Naturally, all this talk about helpful 'Home'owners has me thinking about the kitchen they could install for this homegirl.  A little dreaming never hurts right?

If I've said it once, I've said it a million times. I love white kitchens. I love these snazzy drawer organizers too. This would take care of the hideous mess of a spice cupboard I have today.

I would be more likely to choose the Stratford-style cabinets. This style has that cottage-like look I absolutely love. 
Here's a similar style, a la Ikea.  Oooohh and that sink...

I would opt for chalkboard paint on a pantry door, however, just to mix it up a little. 

For my sink, I love this Moen faucet with the pull down wand and Granitek double sink.

How about this beautiful corner buffet from Home Furniture? Wouldn't it be beautiful, loaded with cobalt blue china?
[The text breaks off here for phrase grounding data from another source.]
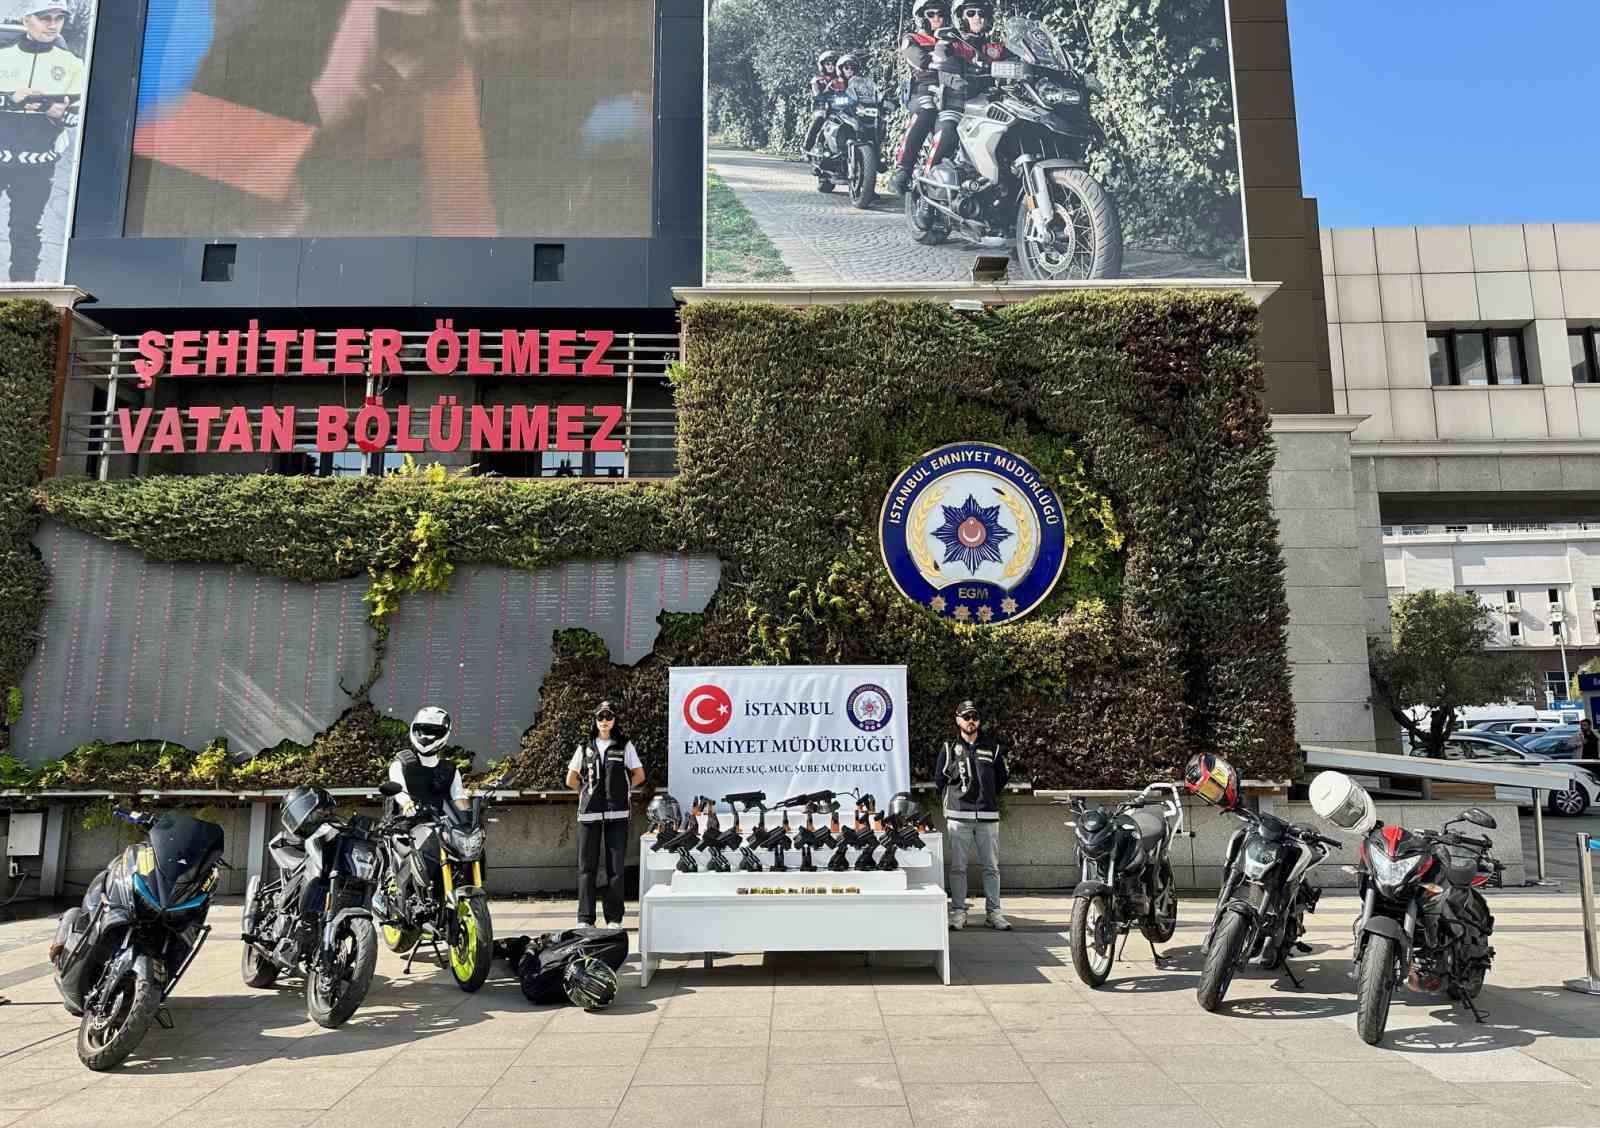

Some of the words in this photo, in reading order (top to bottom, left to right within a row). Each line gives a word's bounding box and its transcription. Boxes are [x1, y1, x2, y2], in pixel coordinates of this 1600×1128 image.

[132, 319, 403, 389] ŞEHİTLER
[425, 319, 614, 376] ÖLMEZ
[118, 405, 295, 454] VATAN
[316, 395, 624, 453] BÖLÜNMEZ
[958, 587, 989, 599] EGM
[744, 699, 834, 716] İSTANBUL
[684, 736, 768, 755] EMNİYET
[772, 735, 894, 753] MÜDÜRLÜĞÜ
I guess it's extraneous I don't have a corner to put it in.

Or perhaps, this distressed buffet and a rustic brown harvest table? Home Furniture has some beautiful pieces. They have an exhibit at the International Plowing Match & Rural Expo every fall, and I usually have to stop myself from drooling on the kitchen sets!

Check out this set, saved in my 'Inspiration Binder' from their catalog a few years back. Mmmm. Love.

Now all I need is Home Hardware to pick my entry, and my sad kitchen can be transformed!